What triggers penalties in practice (operational root causes)

Penalties are often the endpoint of operational failures: missing workflows, inconsistent enforcement, broken reporting, or inability to respond to information requests.

The best mitigation is a compliance system that can prove it is working.

  • Missing or non-functional notice & action (Article 16) and statement-of-reasons workflows (Article 17).
  • Transparency reporting failures or inability to reproduce metrics (Articles 15/24/42).
  • AMAR publication failures (Article 24(2)) or inability to substantiate AMAR on request (Article 24(3)).
  • Marketplace onboarding gaps: incomplete trader traceability and failure to suspend non-compliant traders (Article 30).
  • VLOP systemic-risk program failures: missing risk assessment, mitigation, audit and publication packs (Articles 34-37, 42).
  • Broken investigation response processes: no preserved data extract, no review of RFI answers, or no correction path for incomplete inspection answers.
Section 4

Penalty risk reduction: controls that matter most

To reduce penalty exposure, focus on controls that reduce harm and increase explainability and reproducibility.

These controls also make audits cheaper and faster.
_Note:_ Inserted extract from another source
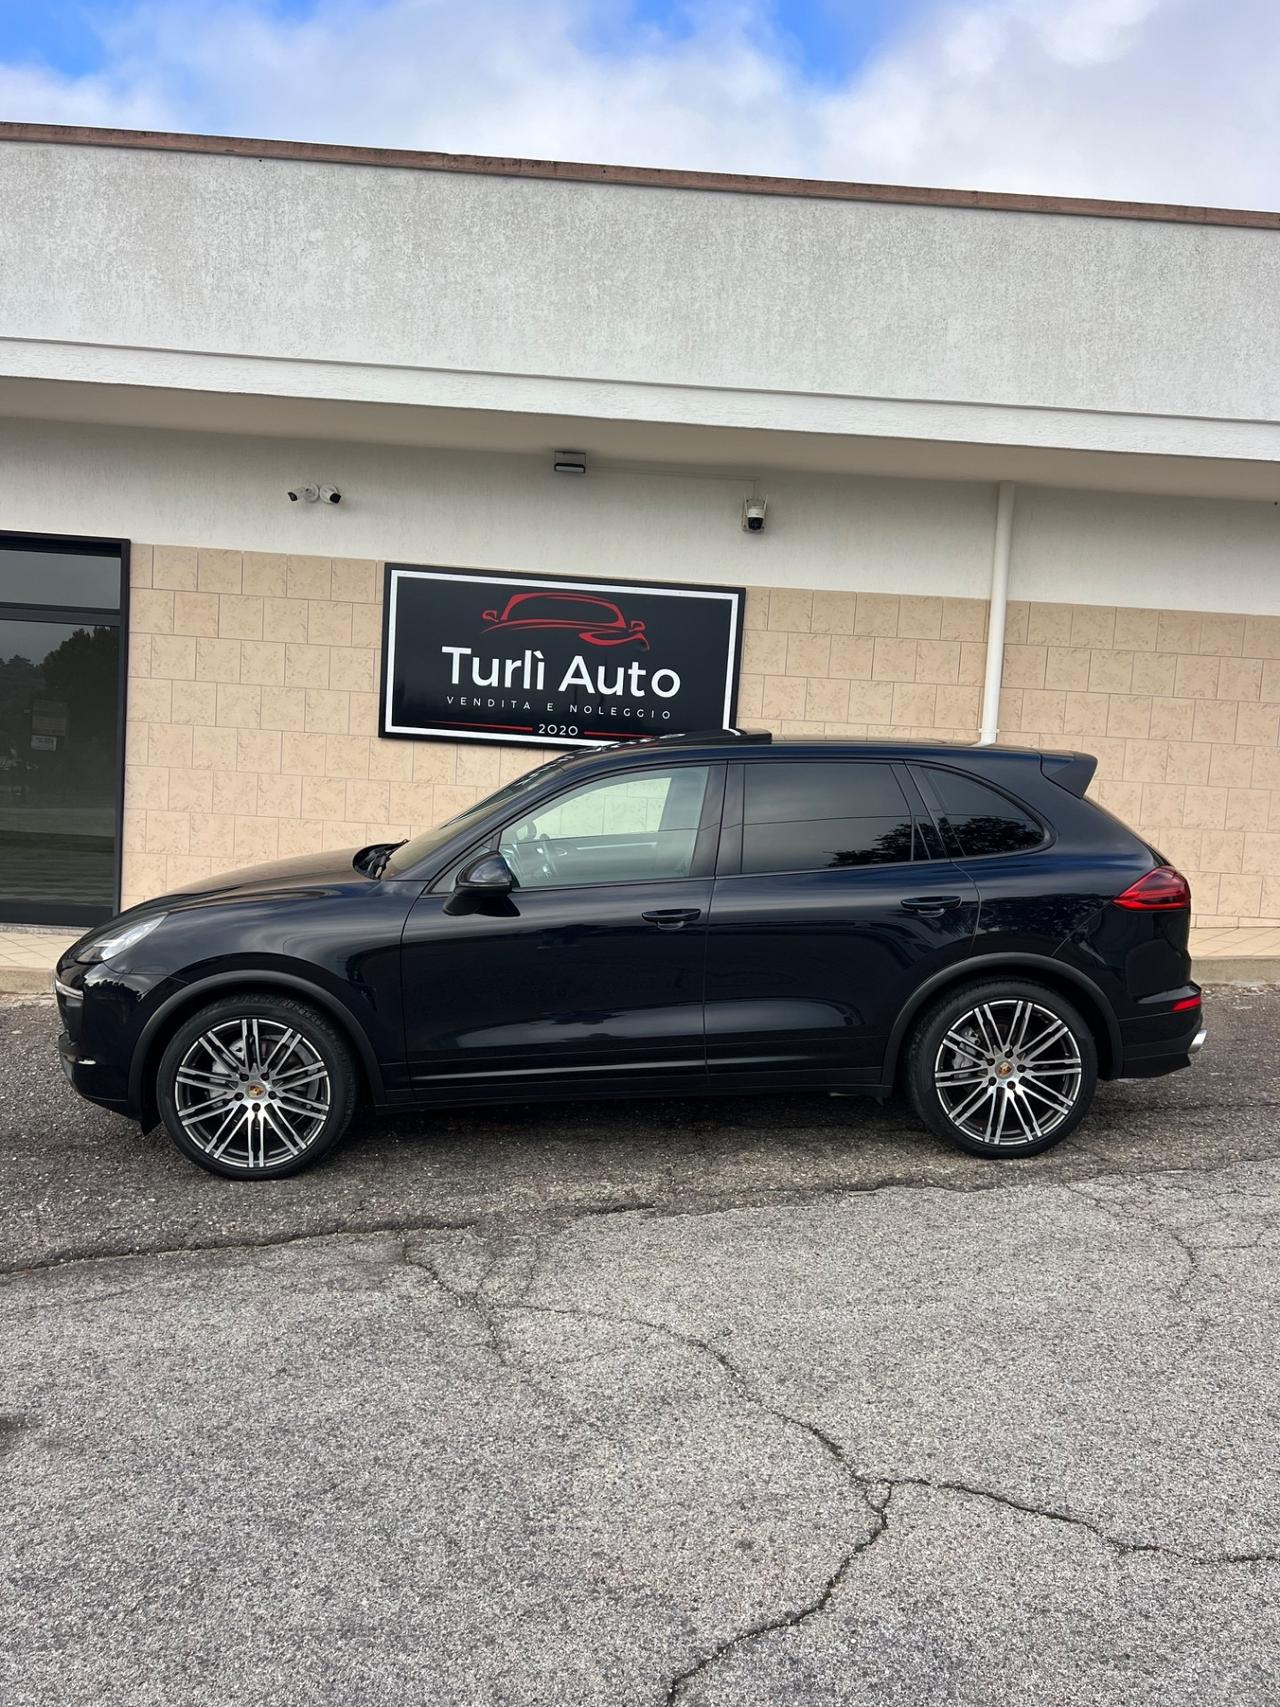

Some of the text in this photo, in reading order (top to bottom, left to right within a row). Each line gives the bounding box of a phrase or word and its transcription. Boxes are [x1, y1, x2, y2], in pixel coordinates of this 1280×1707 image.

  • Structured decision logs: a statement-of-reasons object for each restriction (Article 17) with grounds, facts, automation use and redress links.
  • Transparency pipeline: metric dictionary + reproducible datasets + QA checks + sign-off for each reporting period.
  • Governance: clear owners for moderation ops, reporting, ads/recommenders, marketplace onboarding, and VLOP risk/audit workstreams.
  • Incident readiness: broken workflows and data quality regressions should be treated as compliance incidents with severity and timelines.
  • Evidence retention: archive policies, templates, logs, and published reports for fast regulatory responses.
  • Response governance: keep a written regulator-response playbook for RFIs, inspections, and corrections under the Commission proceedings rules.